I nostri soldi sono un umile segno, la pun­ta di un iceberg, ciò che invece non si vede è la fiammella che motiva ed entusiasma: siamo figli di Dio in Cristo, liberi. Le opere sono la naturale conseguenza: quando si ama tutto è possibile… Quando si ama come Dio ama in Gesù. Dare la vita…, darsi, consegnar­si…, essere così ‘umile Cassa della Reden­zione’. La tua vita umile, cassa della reden­zione… Occorre lavorare in questa direzione spirituale-simbolica che porta dritti alle opere di redenzione, a spendere la vita ‘nella sorte e nella causa’ degli schiavi di oggi, a dare la vita come Lui.

È paradigmatico il filo d’oro che percor­re la Regola e la formazione del Trinitario attraverso i secoli: “Il formatore trasferirà nel cuore dei giovani l’ansia di dare la vita come il Redentore”. Senza questo segno la formazione del giovane trinitario non ha raggiunto l’obiettivo perché Gesù è venuto “per servire e dare la vita” (Mc 10,45).

LE VIE DELLA FEDELTÀ CREATIVA

Negli ultimi Capitoli Generali si è riba­dito, secondo lo spirito della Regola e delle Costituzioni che “Volendo rispondere con fedeltà creativa alle esigenze del carisma trinitario e con lo scopo di riattualizzare la pratica della ‘Tertia pars’, in ciascuna Pro­vincia, Vicariato e Delegazione si crei la Cassa della Redenzione. Un terzo dei fondi di questa Cassa della Redenzione sarà de­stinato all’azione comune e in comunione di tutto l’Ordine (Sit)”.

La Provincia di San Giovanni de Matha se­gue coerentemente queste consegne dell’Or­dine della Santa Trinità e degli Schiavi. Nella lettera circolare del Ministro Provinciale del 28 gennaio scorso nel paragrafo intitolato “Nello spirito della Tertia Pars si legge: “A tal proposito il Consiglio Provinciale, anche a seguito della riunione dei ministri delle case italiane, ha stabilito il ripristino del 10% delle entrate delle case italiane da devolvere alla Provincia a partire da questo nuovo anno. Nello spirito della Tertia Pars e nell’impegno di una reale condivisione, le somme versate saranno così distribuite: una metà alla Cas­sa per i religiosi ammalati ed un’altra metà alla Cassa della Redenzione (per i bisogni dei poveri e per il Sit)”.

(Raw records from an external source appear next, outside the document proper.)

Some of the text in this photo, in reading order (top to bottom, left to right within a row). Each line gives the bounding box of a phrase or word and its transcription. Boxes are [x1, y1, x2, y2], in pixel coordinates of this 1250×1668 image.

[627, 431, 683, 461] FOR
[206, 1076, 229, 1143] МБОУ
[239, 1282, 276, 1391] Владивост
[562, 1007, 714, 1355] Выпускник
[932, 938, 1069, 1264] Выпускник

DAL VALORE SPIRITUALE… AL VALORE MATERIALE

Ecco le strade di ‘Solidarietà internazio­nale trinitaria’ (Sit) per ravvivare la fiamma del carisma. Tutta evangelizzatrice.

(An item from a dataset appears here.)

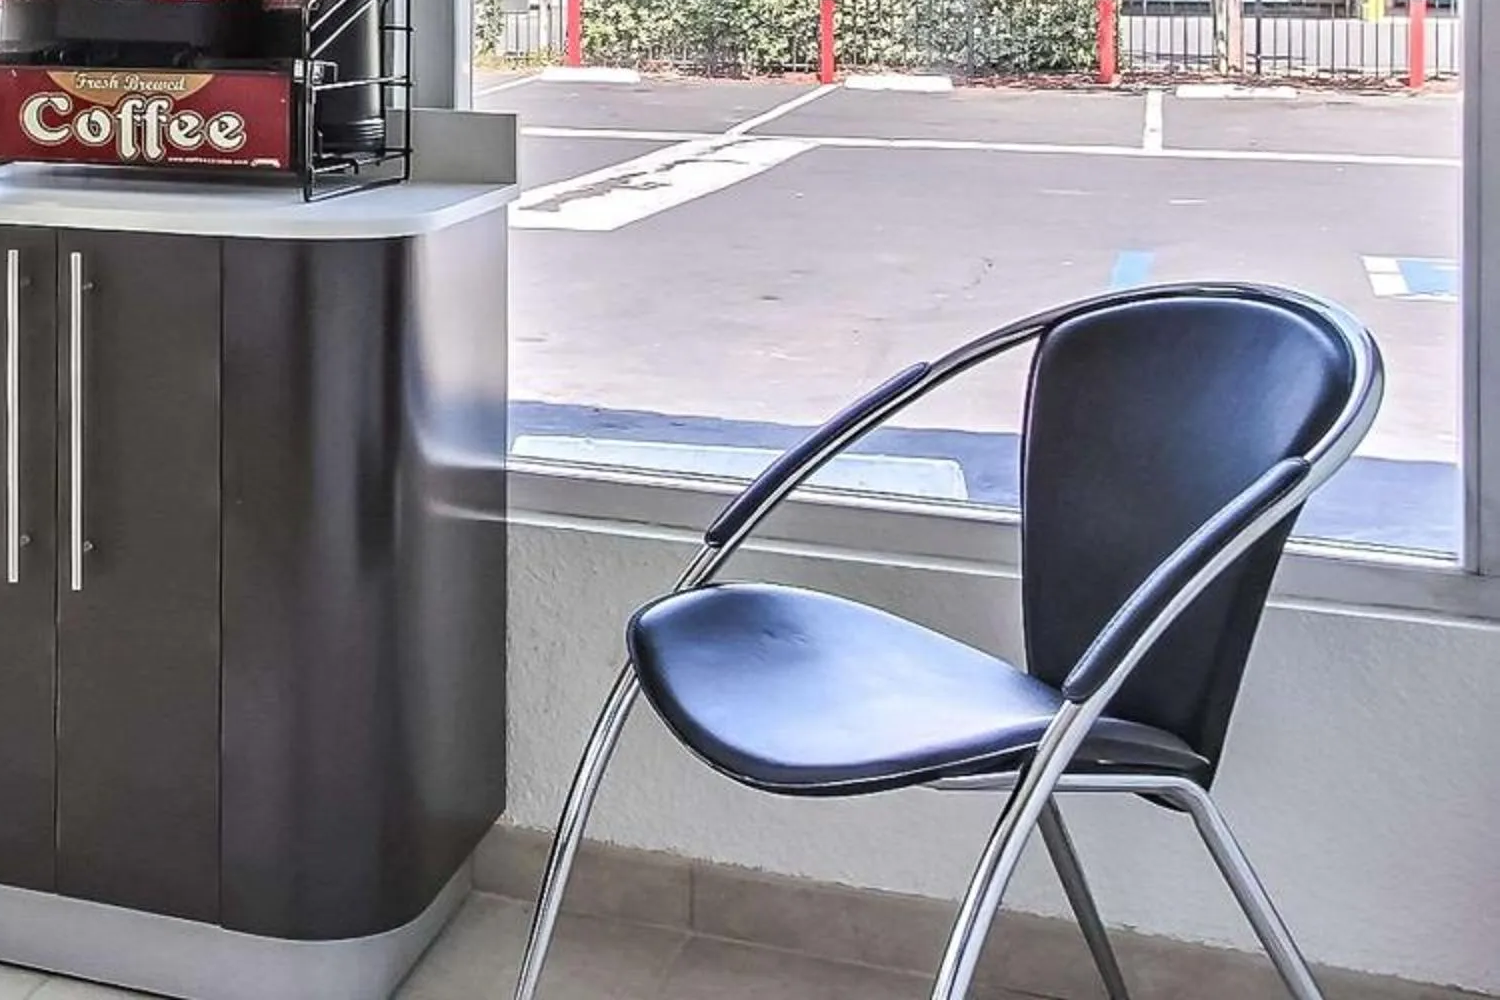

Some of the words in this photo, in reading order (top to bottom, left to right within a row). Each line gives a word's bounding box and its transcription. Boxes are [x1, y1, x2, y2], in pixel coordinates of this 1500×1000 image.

Il luchrum Christi, non può avere altri interessi che quelli di Cristo Gesù - come è scritto nella Bolla di approvazione della Re­gola Trinitaria -, ci porta a fare un pellegri­naggio nel profondo del ‘Cuore squarciato’, come i nostri Santi Padri. Ci invia all’incon­tro degli schiavi e degli oppressi, innestati nella loro causa e sorte come Gesù che ha preso il posto dell’ultimo, di ogni persona oppressa, perseguitata e di ogni persona condannata a morte.

Un segnale forte lungo più di otto secoli di storia trinitaria, caratteristica propria che ci porta costantemente al cuore dei nostri colori trinitari. È certo: l’oggi e il futuro del carisma passano per la mistica della Cassa della Redenzione.